Dentro da base, o visual é igualmente rico. O contraste entre os ambientes internos e externos reforça a sensação de isolamento e perigo.

Trilha sonora que acompanha bem, mas não surpreende

A trilha sonora de The Alters cumpre bem o seu papel. Ela se encaixa nos momentos certos e ajuda a manter a imersão, mas não chega a se destacar muito.

Há faixas interessantes, porém limitadas em estilo e quantidade. O número de músicas disponíveis no Spotify também é baixo, o que confirma essa limitação.

Imersão profunda do começo ao fim

A imersão em The Alters é um dos maiores destaques. Após o prólogo, a história começa a crescer de forma consistente, e os desafios mantêm o jogador interessado.

O envolvimento com os Alters e o mistério da história tornam difícil largar o controle. Quanto mais você joga, mais quer saber sobre o destino de Jan Dolski e suas cópias.

No entanto, o jogo tem duração relativamente curta. São cerca de 16 horas para concluir a campanha principal. Isso significa que, se você se envolver demais, vai acabar rápido.

Otimização poderia ser melhor

A análise foi feita no PlayStation 5, que oferece dois modos gráficos: qualidade e desempenho. No modo qualidade, os visuais ficam ainda mais bonitos, mas há uma perda notável de fluidez.

Já no modo desempenho, a jogabilidade se torna mais leve e suave. Mesmo assim, o jogo apresenta alguns problemas visuais, como bugs e atrasos na renderização de texturas, especialmente nos rostos dos personagens.

Apesar disso, esses problemas não comprometem a experiência. Ainda assim, é algo que pode ser ajustado com futuras atualizações.

O veredito

The Alters é uma das maiores surpresas de 2025 até agora. O jogo entrega uma narrativa envolvente, mecânicas sólidas de gerenciamento e uma imersão emocional rara de se ver em títulos do gênero. A criação dos Alters e a forma como cada um ganha vida com sua própria história elevam a experiência narrativa a um novo patamar.

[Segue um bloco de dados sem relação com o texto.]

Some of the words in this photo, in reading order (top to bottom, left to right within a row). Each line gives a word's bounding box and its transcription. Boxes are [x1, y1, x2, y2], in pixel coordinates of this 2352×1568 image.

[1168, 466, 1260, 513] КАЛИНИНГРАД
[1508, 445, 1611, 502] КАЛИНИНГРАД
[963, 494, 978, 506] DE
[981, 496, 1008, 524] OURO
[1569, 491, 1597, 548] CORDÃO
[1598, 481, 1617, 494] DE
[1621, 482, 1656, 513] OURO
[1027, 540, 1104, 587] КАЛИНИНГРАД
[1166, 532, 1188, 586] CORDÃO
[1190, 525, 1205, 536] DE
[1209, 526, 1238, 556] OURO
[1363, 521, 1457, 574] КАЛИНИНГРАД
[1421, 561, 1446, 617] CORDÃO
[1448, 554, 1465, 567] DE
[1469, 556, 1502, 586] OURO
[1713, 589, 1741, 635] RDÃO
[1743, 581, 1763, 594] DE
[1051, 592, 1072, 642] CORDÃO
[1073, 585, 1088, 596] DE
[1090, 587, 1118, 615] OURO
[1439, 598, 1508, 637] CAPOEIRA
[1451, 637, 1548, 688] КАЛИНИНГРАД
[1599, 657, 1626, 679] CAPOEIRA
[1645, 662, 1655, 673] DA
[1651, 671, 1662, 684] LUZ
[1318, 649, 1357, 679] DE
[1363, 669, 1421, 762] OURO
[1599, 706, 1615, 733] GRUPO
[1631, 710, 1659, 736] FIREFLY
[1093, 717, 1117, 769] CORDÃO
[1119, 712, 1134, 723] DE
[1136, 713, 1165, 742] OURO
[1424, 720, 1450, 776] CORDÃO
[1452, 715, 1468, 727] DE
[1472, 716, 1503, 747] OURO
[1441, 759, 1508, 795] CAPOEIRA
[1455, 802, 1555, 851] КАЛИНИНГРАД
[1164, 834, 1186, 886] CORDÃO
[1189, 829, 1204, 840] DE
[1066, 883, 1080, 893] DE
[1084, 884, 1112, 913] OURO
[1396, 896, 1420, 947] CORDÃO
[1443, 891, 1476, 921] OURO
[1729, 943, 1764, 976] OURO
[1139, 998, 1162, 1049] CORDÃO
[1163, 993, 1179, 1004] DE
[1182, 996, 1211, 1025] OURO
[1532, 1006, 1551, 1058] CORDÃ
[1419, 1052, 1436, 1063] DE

Mesmo com pequenos problemas de otimização e uma trilha sonora que poderia ter mais destaque, o jogo compensa com gráficos belíssimos, direção de arte inspirada e uma gameplay que prende do começo ao fim.

Se você curte jogos com foco em história e gerenciamento — e gostou de Frostpunk ou Mickey 17 —, The Alters é uma joia que merece sua atenção.